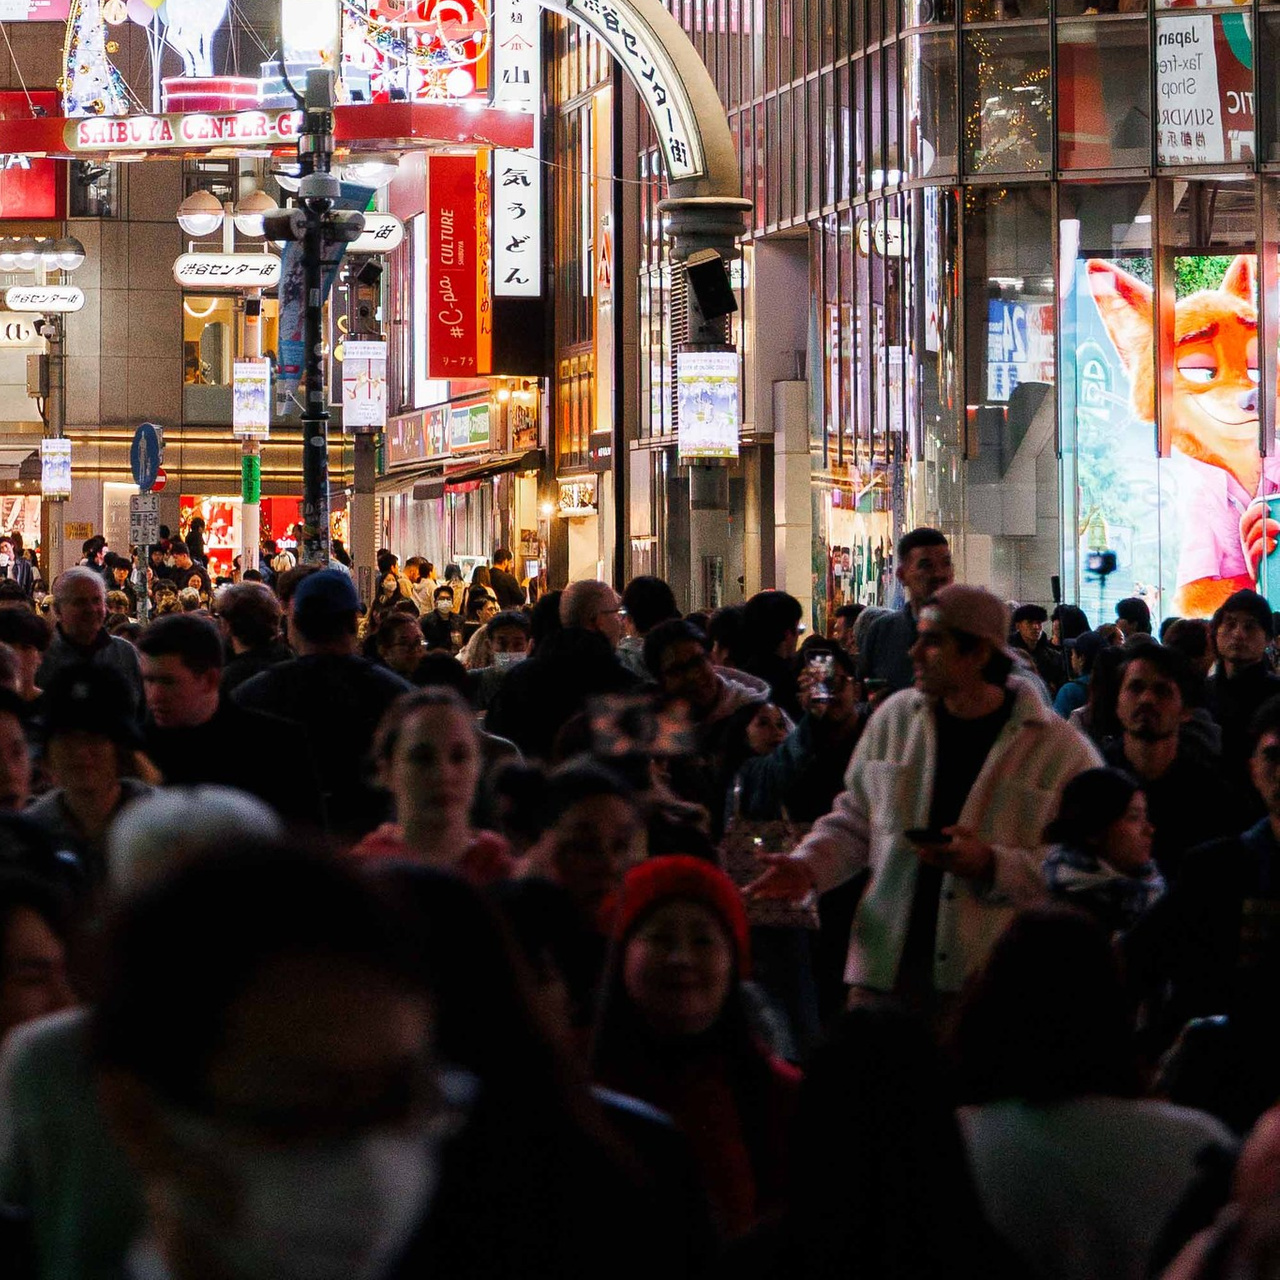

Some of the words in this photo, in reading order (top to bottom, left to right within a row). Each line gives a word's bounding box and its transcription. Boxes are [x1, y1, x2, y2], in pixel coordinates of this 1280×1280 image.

[183, 111, 302, 141] CENTER-G
[440, 207, 455, 265] CULTURE
[179, 264, 276, 277] 渋谷センター街
[9, 294, 79, 305] 渋谷センター街
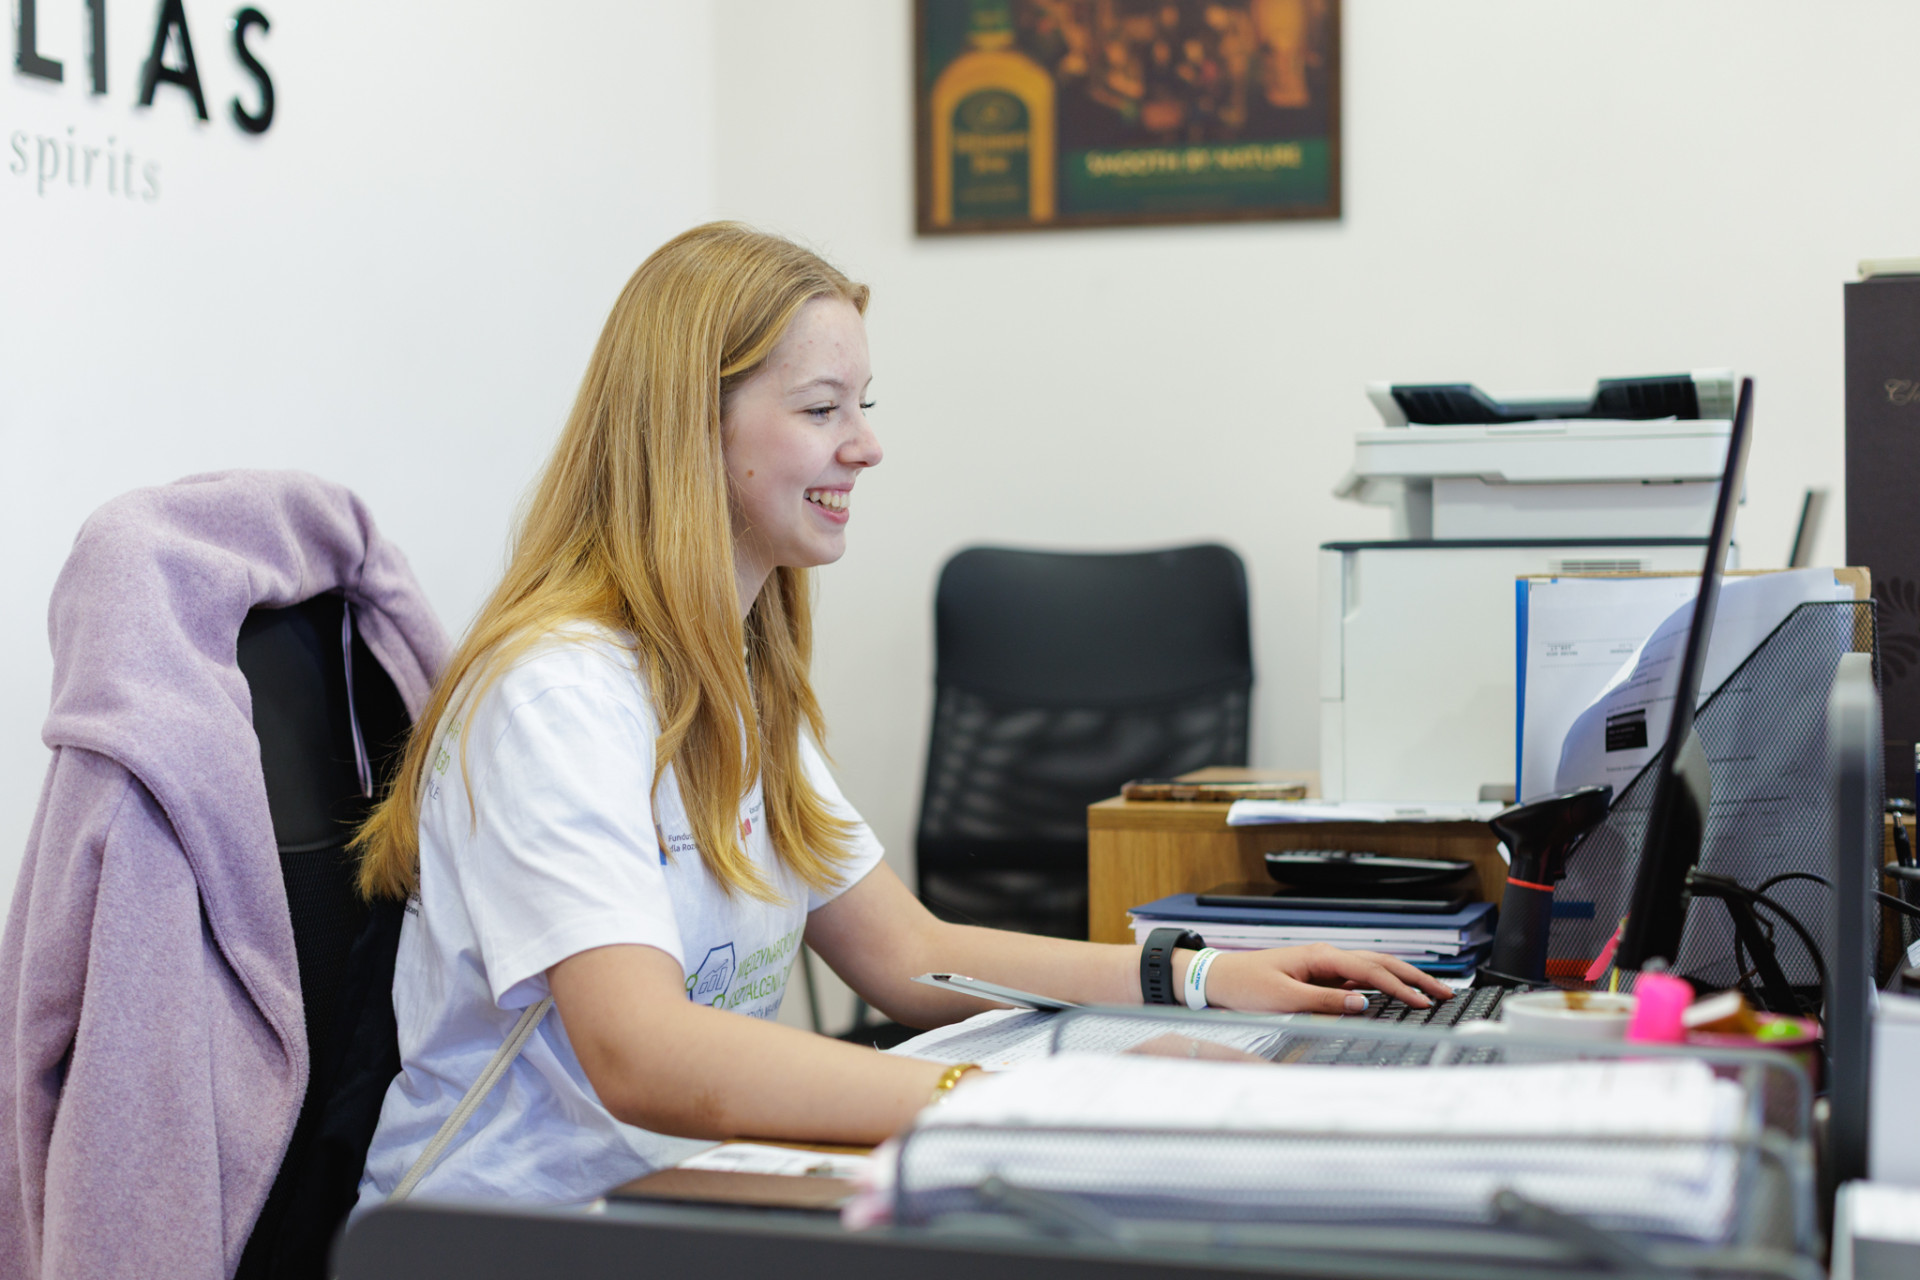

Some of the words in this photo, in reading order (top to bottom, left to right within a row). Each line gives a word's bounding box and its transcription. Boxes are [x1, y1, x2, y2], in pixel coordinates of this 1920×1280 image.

[9, 126, 161, 203] spirits
[1086, 150, 1177, 178] SMOOTH
[1214, 143, 1302, 170] NATURE

## WHAT TO DO:
The answer is every line of the data, exactly as written, with the pictures dropped.

## WRITTEN RESPONSE:
Some of the words in this photo, in reading order (top to bottom, left to right within a row). Each line gives a word's bounding box and its transcription. Boxes are [x1, y1, x2, y2], in pixel coordinates of this 1280×1280 image.

[183, 111, 302, 141] CENTER-G
[440, 207, 455, 265] CULTURE
[179, 264, 276, 277] 渋谷センター街
[9, 294, 79, 305] 渋谷センター街

Some of the words in this photo, in reading order (top to bottom, left to right within a row). Each line gives a word's bounding box and its transcription. Boxes are [x1, y1, x2, y2], in pixel coordinates of this 1920×1280 image.

[9, 126, 161, 203] spirits
[1086, 150, 1177, 178] SMOOTH
[1214, 143, 1302, 170] NATURE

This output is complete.